Haemodynamic effects of parenteral vs. enteral paracetamol in critically ill patients: a randomised controlled trial

Kelly, S.J. et al. (2016) Anaesthesia. 71. pp. 1153-62


Introduction: Reports in the literature have suggested that paracetamol is associated with significant hypotension, a potentially important interaction for labile critically ill patients. These authors carried out a single-centre, prospective, open-label, randomised, parallel-arm, active-control trial, designed to determine the incidence of hypotension following the administration of paracetamol to critically ill patients.

Methods: A total of 50 adult patients receiving paracetamol for analgesia or pyrexia were randomly assigned to receive either the parenteral or enteral formulation of the drug. Paracetamol concentrations were measured at baseline and at multiple time points over 24 hours.
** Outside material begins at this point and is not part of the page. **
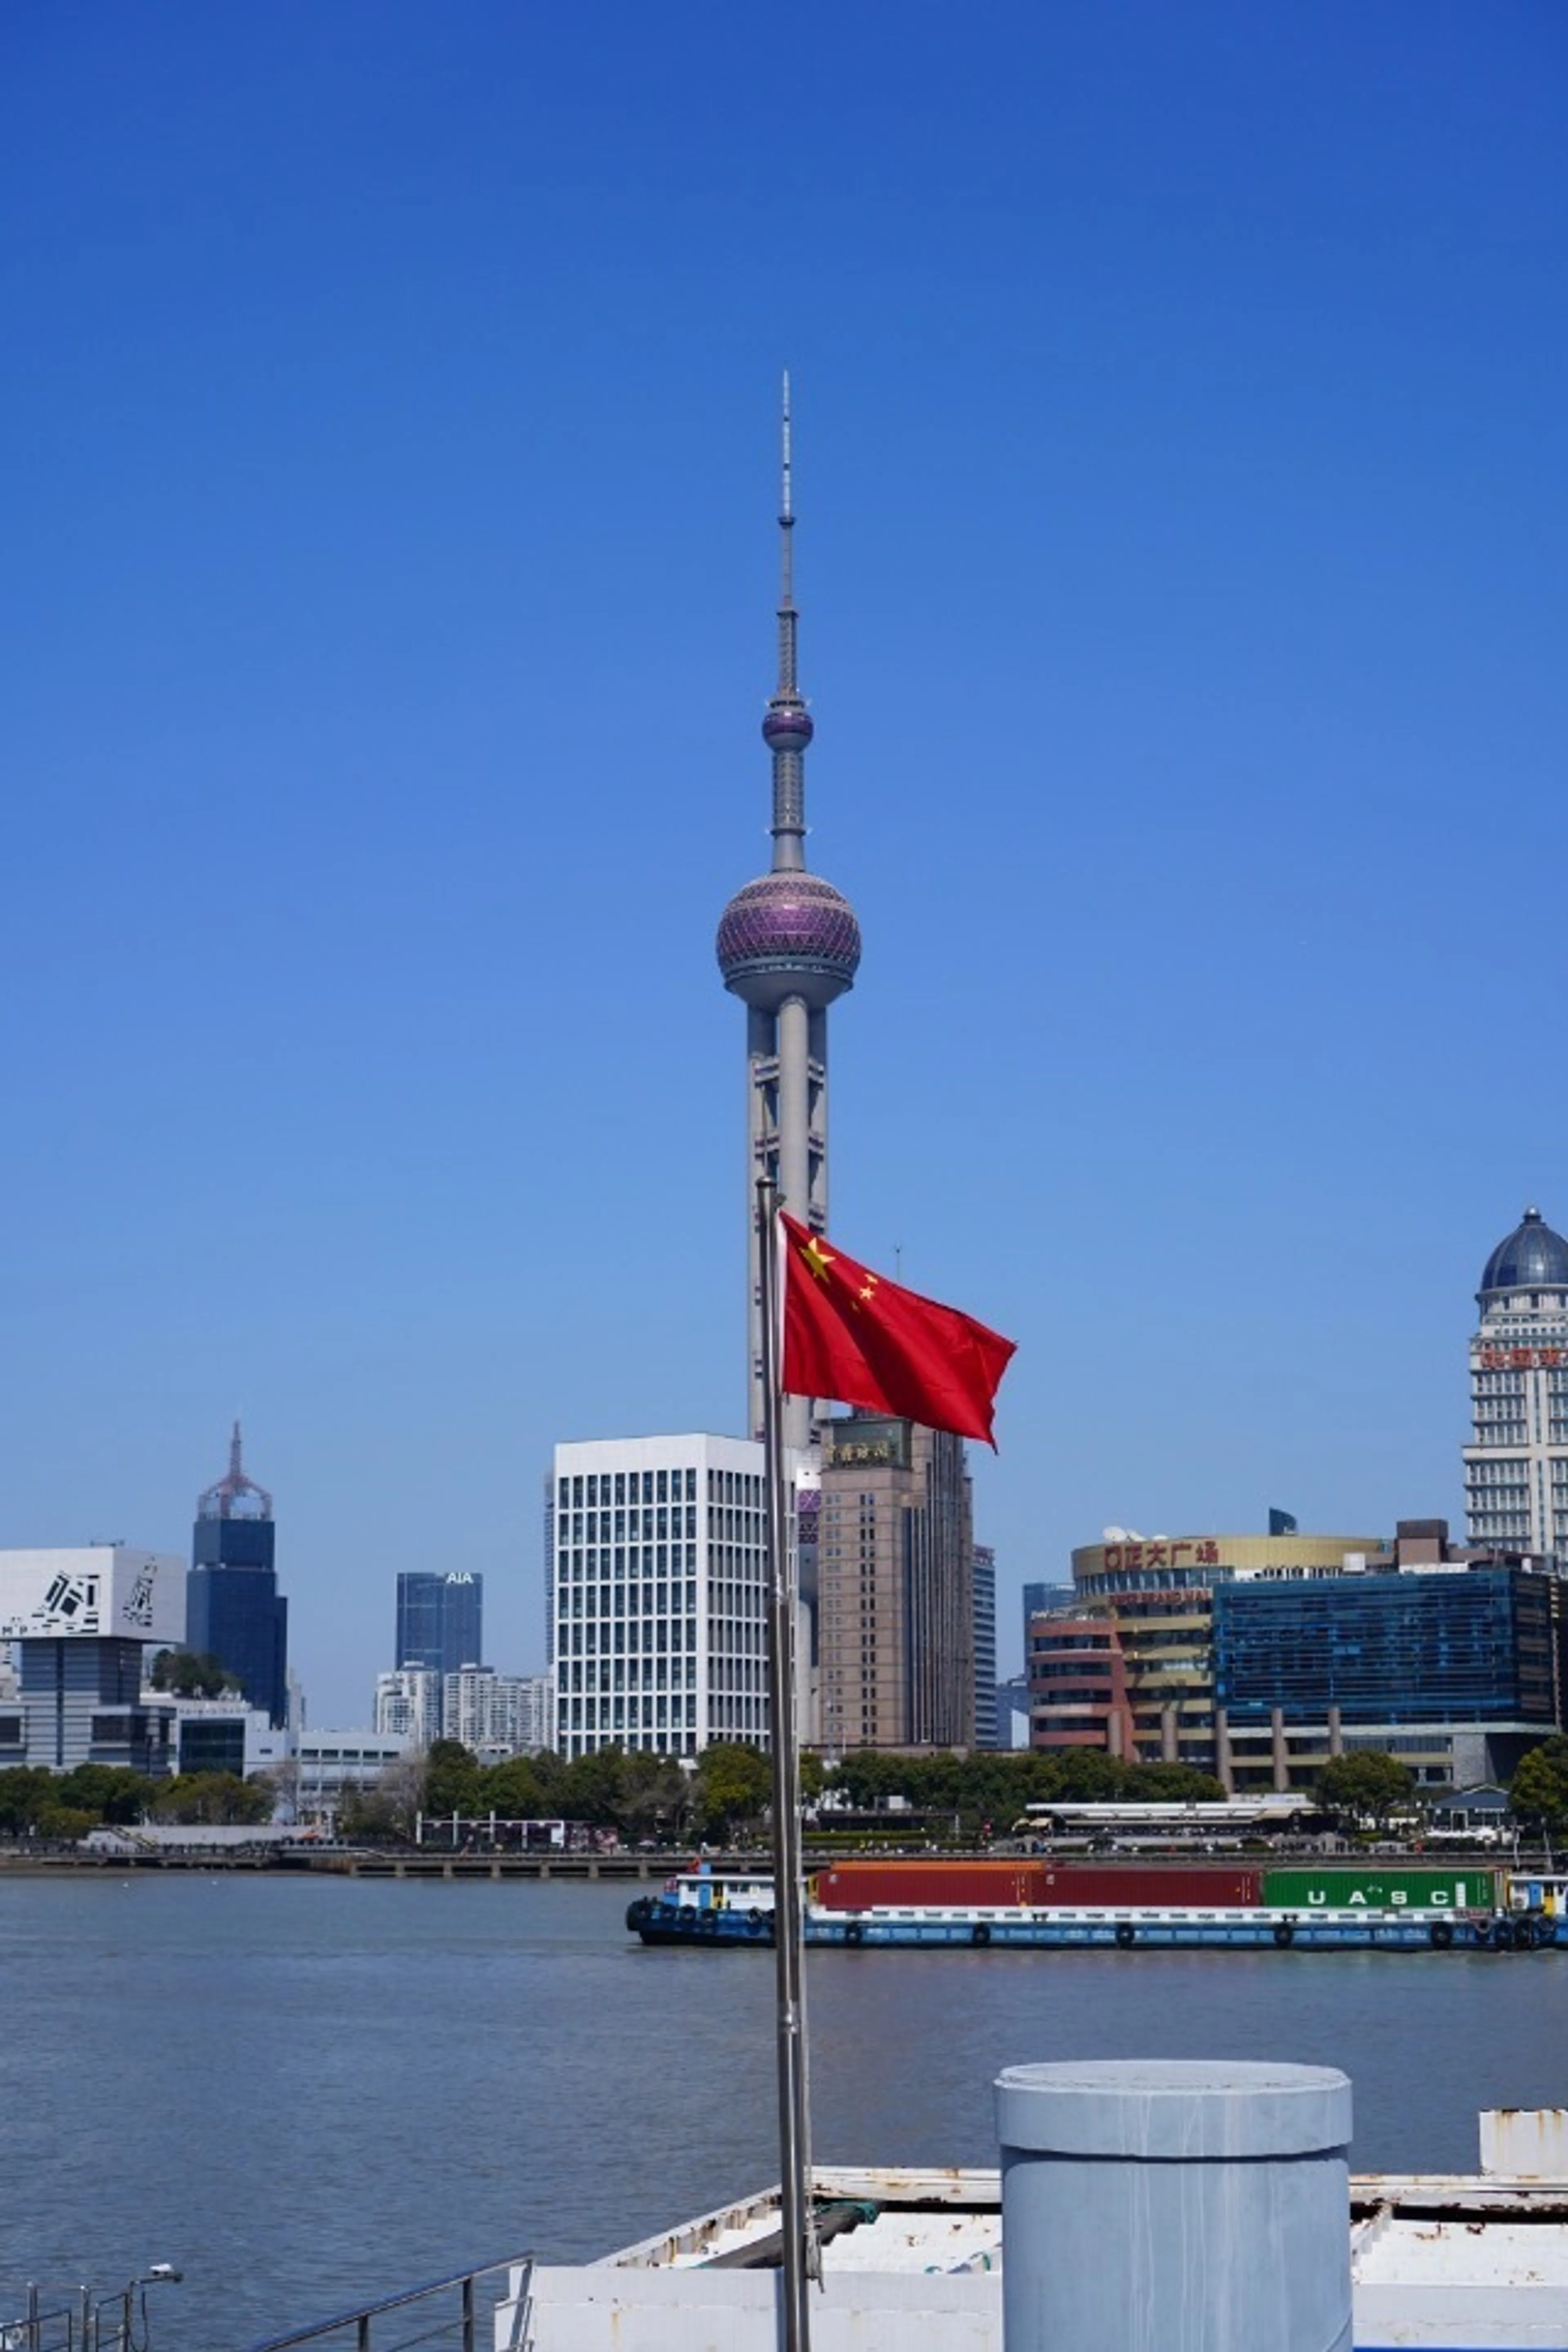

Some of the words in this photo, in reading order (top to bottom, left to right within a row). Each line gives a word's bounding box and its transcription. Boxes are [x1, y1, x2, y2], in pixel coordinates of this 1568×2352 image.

Results: The maximal plasma paracetamol concentration was significantly different between routes; 156 versus 73 µmol/L (p=0.0005) following the first dose of parenteral or enteral paracetamol, respectively. Sixteen hypotensive events occurred in 12 patients: parenteral n=12; enteral n=4. The incident rate ratio for parenteral versus enteral paracetamol was 2.94 (95% confidence interval 0.97 to 8.92; p=0.06).

Conclusions: The authors conclude that the incidence of hypotension associated with paracetamol administration is higher than previously reported and tends to be more frequent with parenteral paracetamol.